I am one of those people who doesn’t own a car. I never have. I don’t even have a driver’s license and it was nearly 25 years ago when I last rode a scooter. I walk, take the subway and, when it was needed I used to take a cab everywhere. In fact, I was good friends with the cab dispatcher of my preferred cab company in San Francisco. It was an imperfect world, but then Uber came along.
At first Uber was like someone you meet at a party, talk to for a little bit, exchange phone numbers and forget about. I tried Uber in its infancy and then went back to my old life. I live three blocks from work and with the epicenter of consumer and web tech moving to San Francisco, everything was within walking distance. For Palo Alto, there was Caltrain.
The only time the system broke down was when I went for my cardiac therapy on the other side of town. The cardiac therapy left me super exhausted and as a result it was hard to run around trying to find a cab. So I ended up calling for an Uber. While it was expensive, I got home fast and basically was able to unwind faster. It was a small luxury; the cars were nice and the drivers (while few) were polite and knowledgeable. And it was so New York (my proverbial home that I can’t seem to leave behind). The experience was excellent.
It was a service that proved its utility by doing one thing for me: it helped me arbitrage time. It compressed the wasted time to the bare minimum and helped increase my personal productivity. It was easy to justify spending money on this service. Like that first meeting at a party, it turned into casual run-ins at a hipster cafe and over time, we ended up becoming friends.
A few weeks ago, Uber introduced some radical price cuts on UberX — its car-riding service that is supposed to be a step above cabs in terms of quality, but a step down from the premium (and original) Uber service. The prices are low enough that it has become cheaper than taking cabs. There are so many UberX cars on the roads in San Francisco that I have stopped calling my cab company, moved away from the premium service and frankly am happy about the cost savings.
While I miss talking to my cab company dispatcher, who has since moved on to another job, Uber has become an indispensable part of my daily transportation needs and has now replaced cabs for me. The underlying efficiency of Uber replaced that human connection.
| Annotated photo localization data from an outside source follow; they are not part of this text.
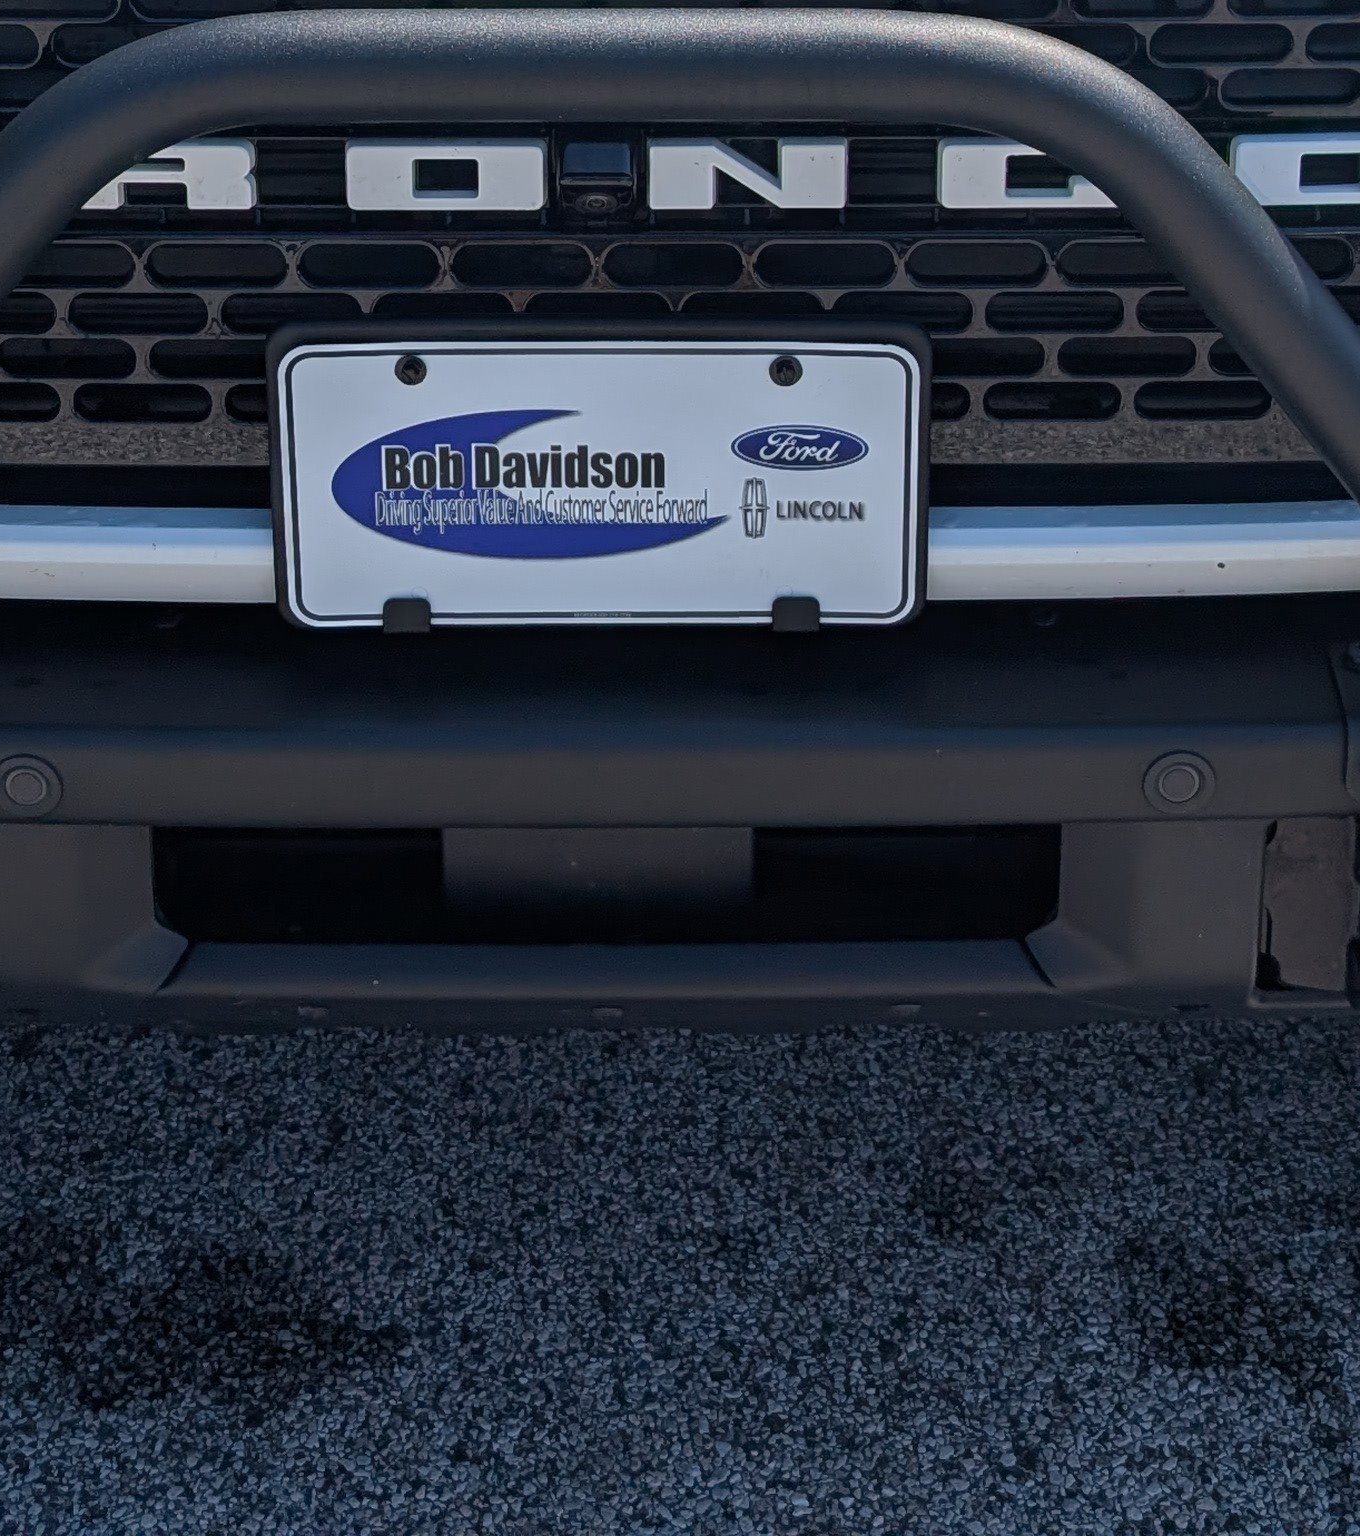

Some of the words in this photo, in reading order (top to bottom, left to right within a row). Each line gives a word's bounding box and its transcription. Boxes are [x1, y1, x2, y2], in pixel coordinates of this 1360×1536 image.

[758, 431, 841, 462] Ford
[383, 445, 465, 490] Bob
[473, 444, 666, 490] Davidson
[375, 491, 422, 534] Driving
[423, 490, 478, 534] Superior
[478, 490, 515, 524] Value
[516, 490, 543, 524] And
[544, 490, 608, 524] Customer
[608, 491, 655, 524] Service
[775, 500, 865, 521] LINCOLN
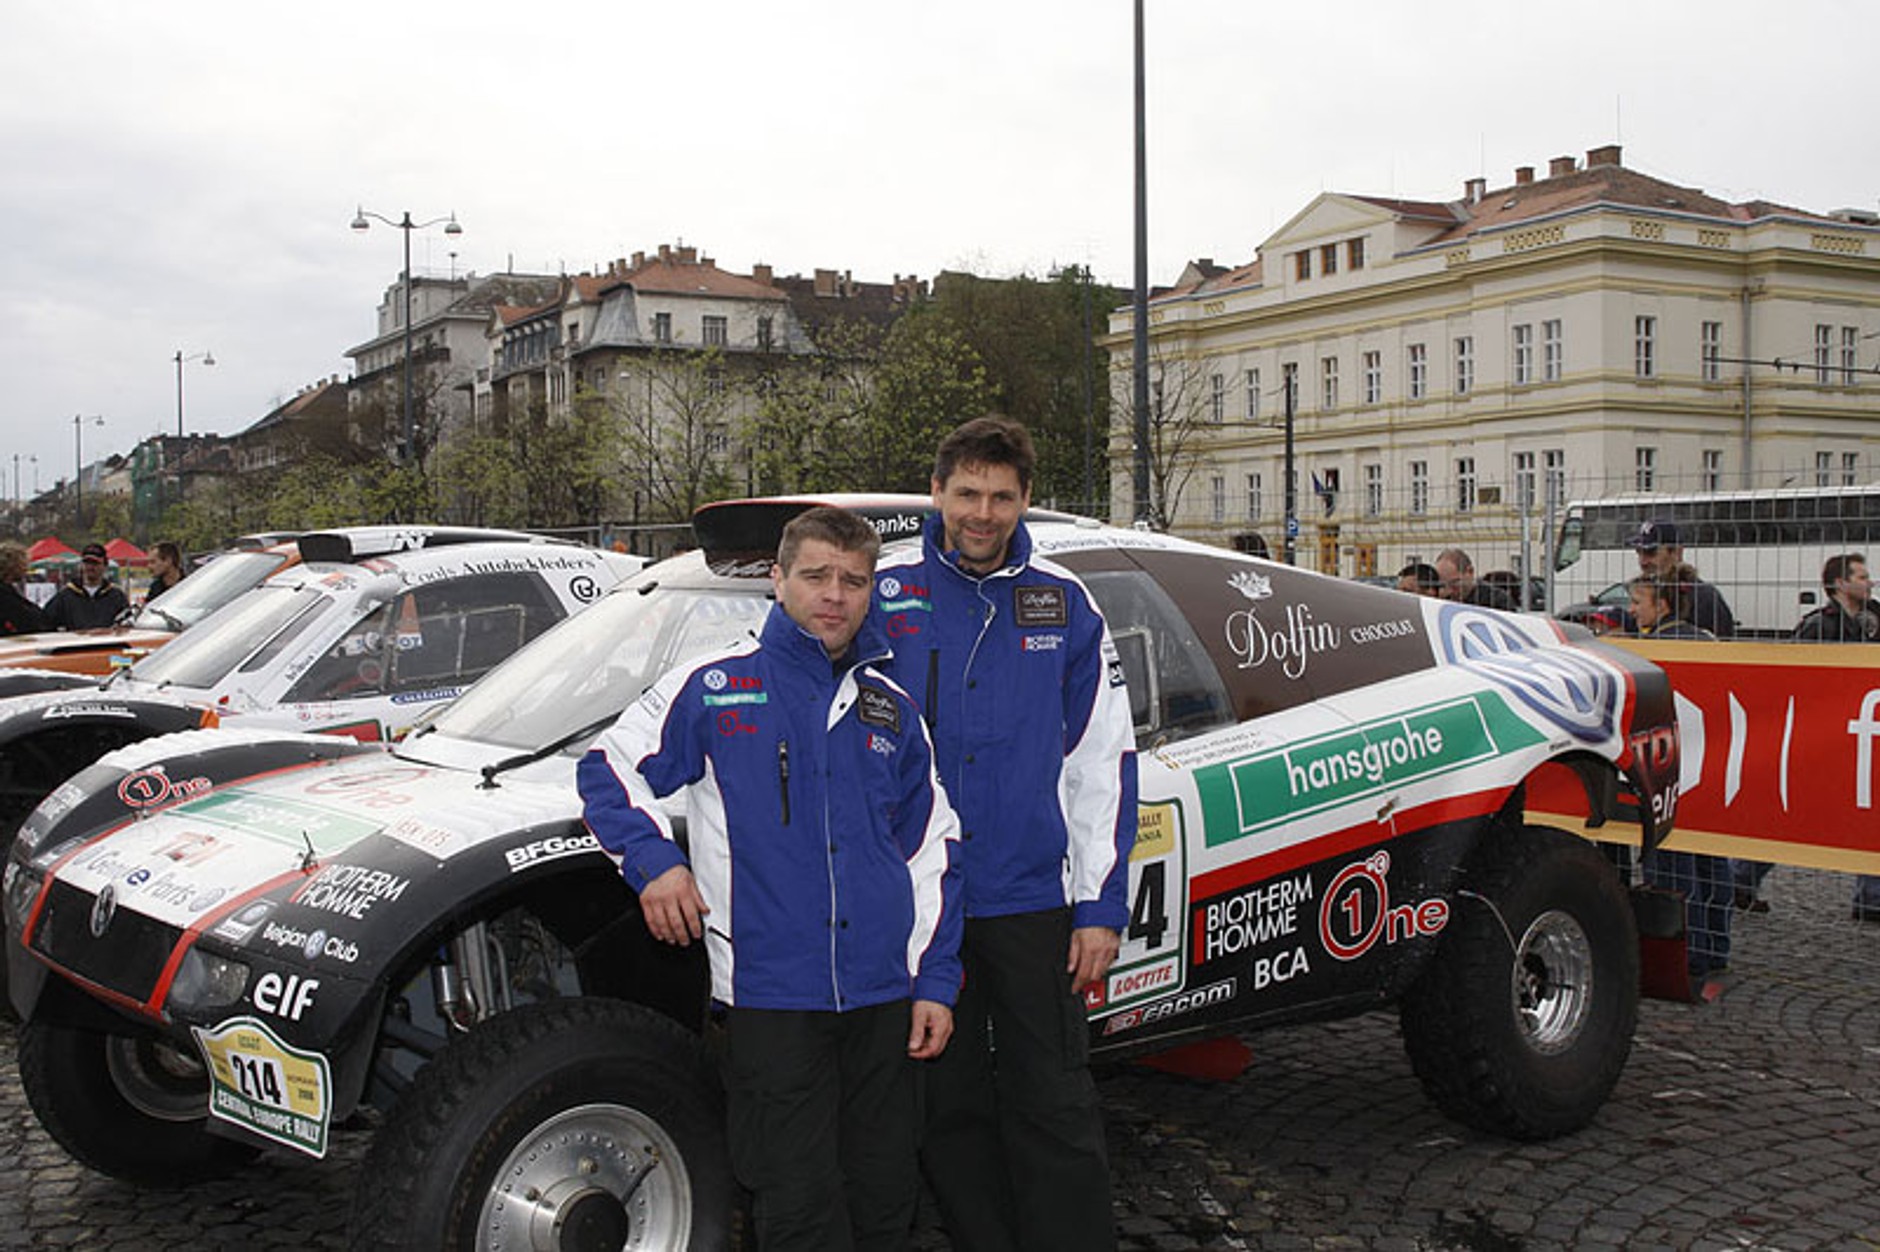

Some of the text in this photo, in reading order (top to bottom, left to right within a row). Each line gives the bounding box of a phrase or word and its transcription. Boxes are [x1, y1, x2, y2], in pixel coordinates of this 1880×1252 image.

[1226, 603, 1341, 680] Dolfin
[1285, 716, 1444, 797] hansgrohe
[296, 883, 377, 920] HOMME
[317, 864, 410, 902] BIOTHERM
[1207, 872, 1313, 932] BIOTHERM
[324, 936, 359, 962] Club
[1207, 906, 1297, 960] HOMME
[1114, 964, 1173, 997] LOCTITE
[1255, 946, 1310, 990] BCA
[254, 972, 320, 1021] elf
[231, 1054, 282, 1105] 214
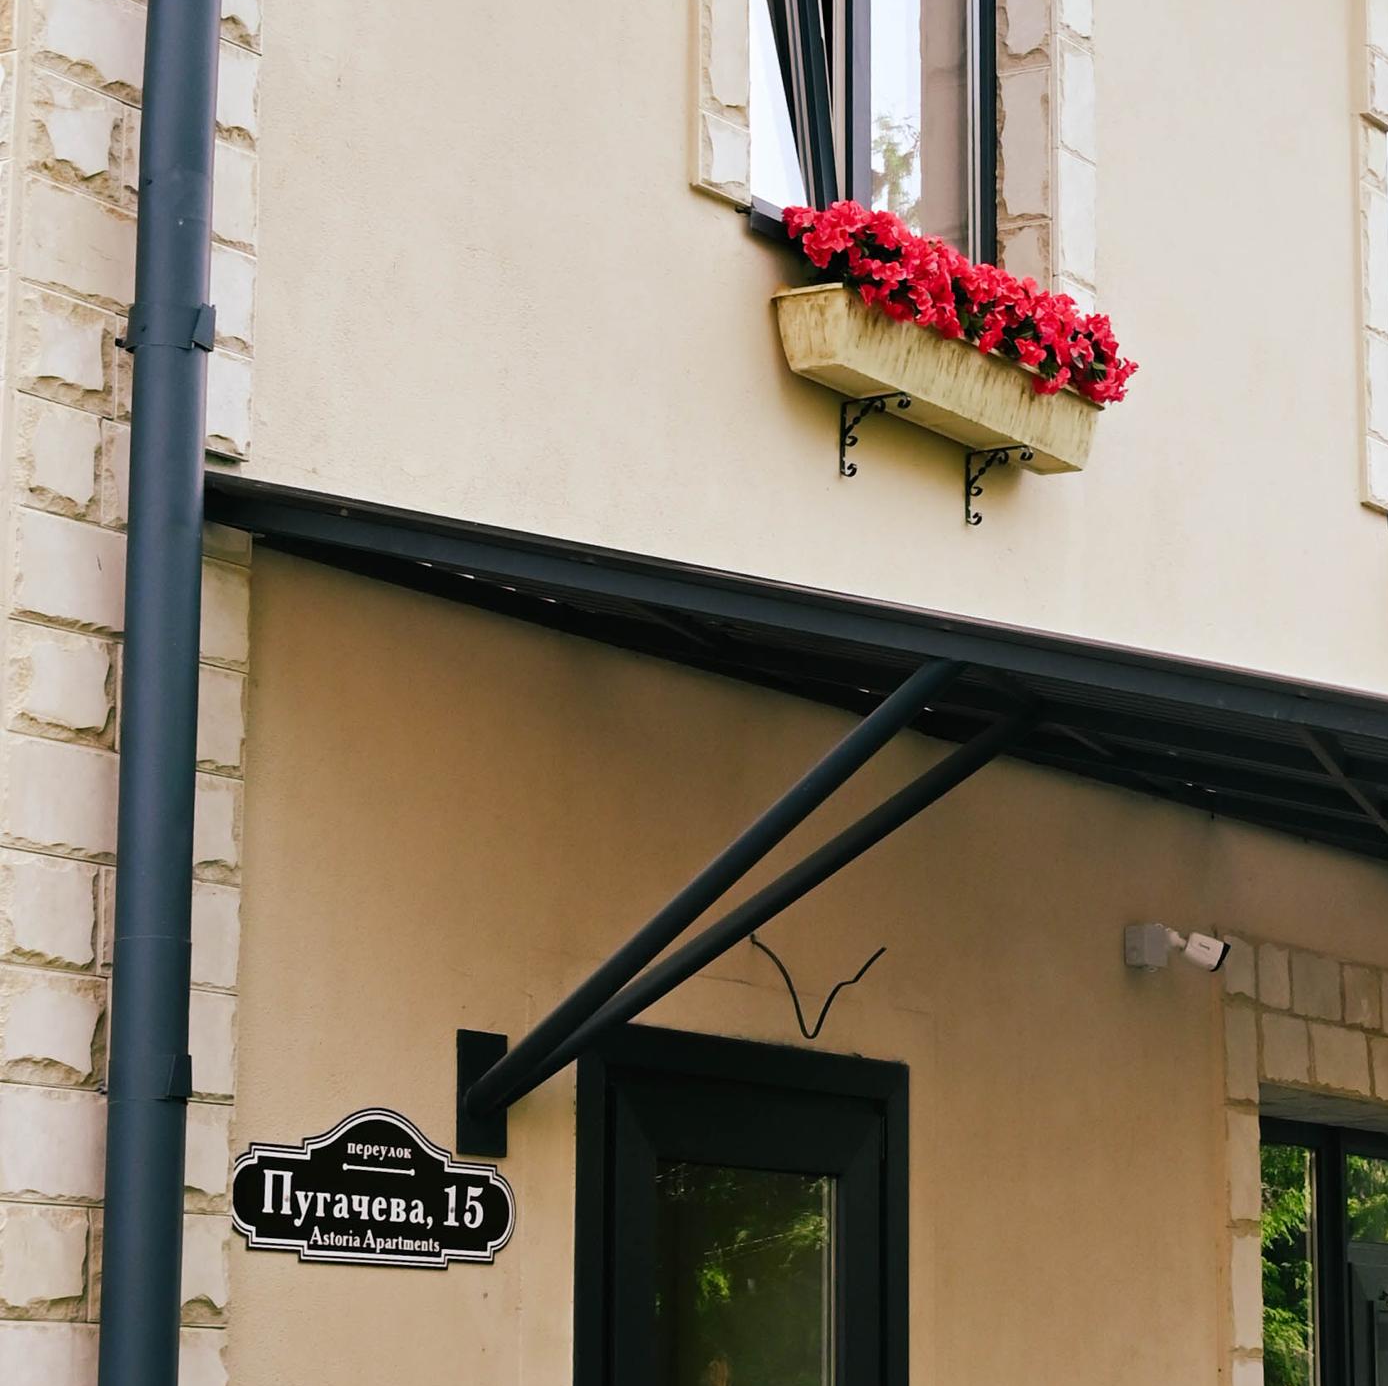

I feel conflicted about it, but I think this is the future of our society that will be enabled by anywhere computing.
The secret doors in the mountain
But this efficiency over the human touch is also an opportunity for Uber’s rivals — including those who are complaining about the company’s hardball tactics. Today there was word that Uber went over the line and tried to poach Gett drivers, an act that generated a formal apology. In San Francisco Uber is waging the equivalent of a ground war on Lyft, which is now out looking for its own pot of gold to fight back.
Many of these rivals are going to find their noses bloodied — that’s the no-holds barred, bare-knuckle fighter attitude co-founder and CEO Travis Kalnick brings to the table. Having seen the company grow at near supersonic speed, you know that it is virtually impossible to out maneuver Travis, who is ruthless in his pursuit of first place.
That said, there are a few ways rivals can compete with Uber instead of crying over hardball business tactics. A few months ago, Bret Taylor (former CTO of Facebook, current CEO of Quip) pointed out that mobile notifications give apps the ability to nudge people into action — all you have to do is think smartly about using this channel for behavior modification. Using smart marketing tactics, Uber rivals can try and get on my device: I have Sidecar, Flywheel and Instacab on my phone and have intentionally opted out of Lyft.
If these services can figure out a way to nudge me into using them when there is surge pricing on Uber, then slowly I will start to see a modification of my usage behavior. I am sure these companies are thinking about these technical solutions and they’re if not, they should be. But that won’t be enough: If you have to compete (but not beat) Uber, there is another small chink in Uber’s armor.
Uber is going for scale — a landgrab if you may — and as a result it is paying a lot less attention to the quality of drivers it is trying to bring on board. The more drivers it has, the faster Uber can take you to your destination. Just as Google used supersonic web-speed to serve up search results and made us addicts of their service, Uber is looking to use scale — more cars and more drivers — to reduce time to dispatch and time to destination. It is a smart and winning strategy, except it comes at a cost.
While Google can tweak its algorithms to control quality, Uber has no such option. As Uber has scaled, it has brought on a lot of untried drivers: folks who might have cleaner cars, but who struggle with even basic tasks such as knowing what routes to take without the help of a GPS, so you end up giving them directions. There are other qualitative issues, often pertaining to driving skills. Many would say that you get what you pay for, but these issues are not unique to UberX and have spread to the higher-end service as well.
For Uber rivals, this is another substantial opening. Price cuts and pink mustaches are only going to get you so far against a company that has scaled so quickly and has hundreds of millions of venture dollars at its disposal. By having tighter controls around quality of cars and driver qualifications those rivals can start to offer a qualitatively better experience, and start to carve out a niche for themselves.
Just as people go to Nordstrom for a better service experience versus say Macy’s or Bloomingdales, the rivals can make themselves known for quality. Maybe it is time for rivals to develop different strategies and stop trying to out-Uber Uber.